Knowing these laws matters. It is key to avoid getting a ticket and taking a court-ordered traffic school course. So, it is important that you are familiar with the road rules in your home state and the other states you might be visiting.

Now, let’s continue that discussion by looking at the driver’s license point system and other traffic laws in a few more states.

Driver’s License Point System

The driver’s license point system is used in pretty much every state. This system assigns point values to each type of traffic offense. The reason behind this system is to allow each state’s motor vehicle department to keep track of people’s driving records.

The driver’s license point system is not exactly the same per state. Each has its own process and set of rules.

For example, each state chooses how many points to assign to a specific offense. Also, the consequences for acquiring X number of points vary from state to state.

It is worth mentioning that most states observe the same tenets when they designed their system. For example, they assign higher point values to more serious violations. They also hand severe punishments for offenders who accumulate too many points in a short period of time.

Below are the point system rules in certain states:

Maryland Driving Laws

The point system in Maryland is as follows:

  • 1 point: speeding up to 9 miles over the limit
  • 2 points: speeding 10-19 miles over the limit
  • 3 points: speeding 20-29 miles over the limit
  • 4 points: speeding 30 or more miles over the limit
  • 5 points: reckless driving
  • 8 points: DUI
  • 12 points: leaving the scene of an accident

Your license will be suspended if you accumulate 8 or more points in 2 years.
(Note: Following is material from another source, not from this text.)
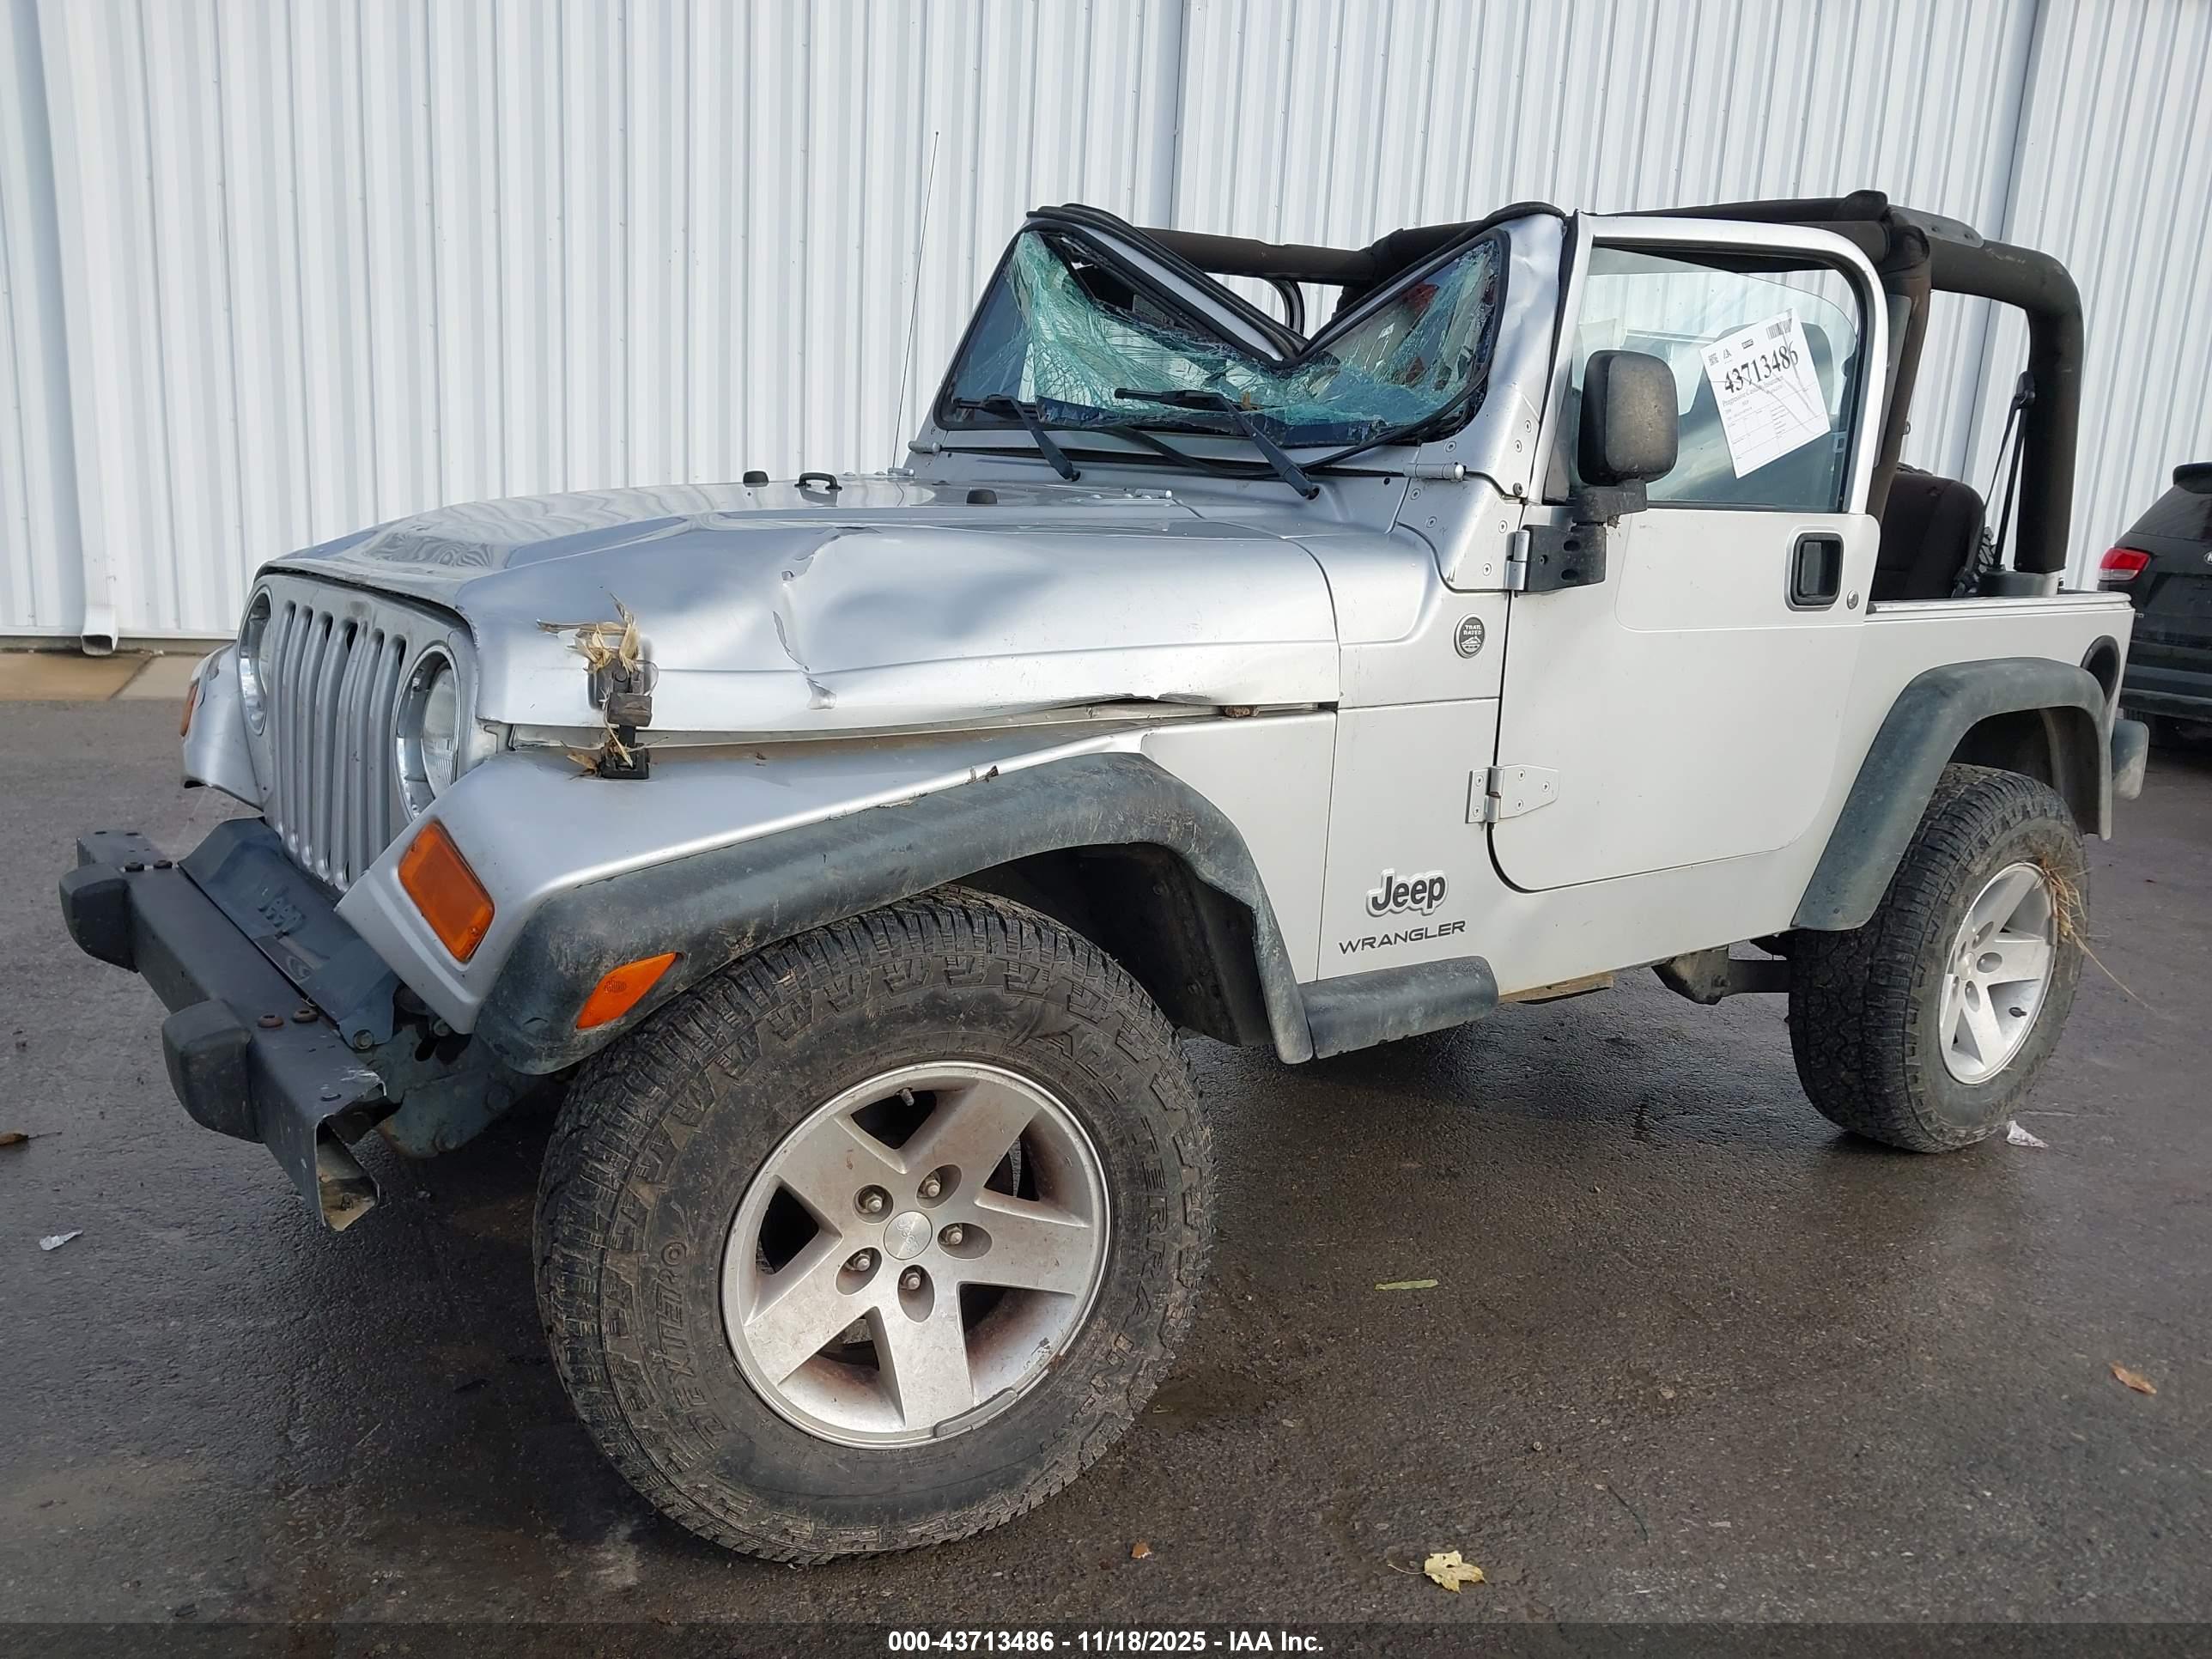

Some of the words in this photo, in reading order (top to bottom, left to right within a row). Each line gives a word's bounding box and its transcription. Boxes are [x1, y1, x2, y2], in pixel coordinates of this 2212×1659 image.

[1724, 341, 1799, 393] 43713486
[1370, 874, 1446, 911] Jeep
[1339, 920, 1467, 955] WRANGLER
The length of the suspension varies depending on the number of points you have and how often you have been suspended previously. You may also be required to complete a driver improvement course.

In Maryland, you can be placed on probationary status if you accumulate 4 or more points in 12 months. Probationary status means that you are at risk of having your license suspended if you get any more points. If you are placed on probationary status, you may be required to complete a driver improvement course. 

Need to remove points from a citation – take the Maryland online traffic school.

Massachusetts Driving Laws

The awarding of points for traffic violations is the same as in Maryland. However, what happens is different if you accumulate 12 or more points in 3 years – your license will be suspended. Also, the length of the suspension depends on the number of points and suspensions you have incurred.

Reduce your insurance premium – take the Massachusetts defensive driving course

Minnesota Driving Laws

If you get convicted of a moving violation, you will receive points on your driving record. The number of points you receive depends on the severity of the violation.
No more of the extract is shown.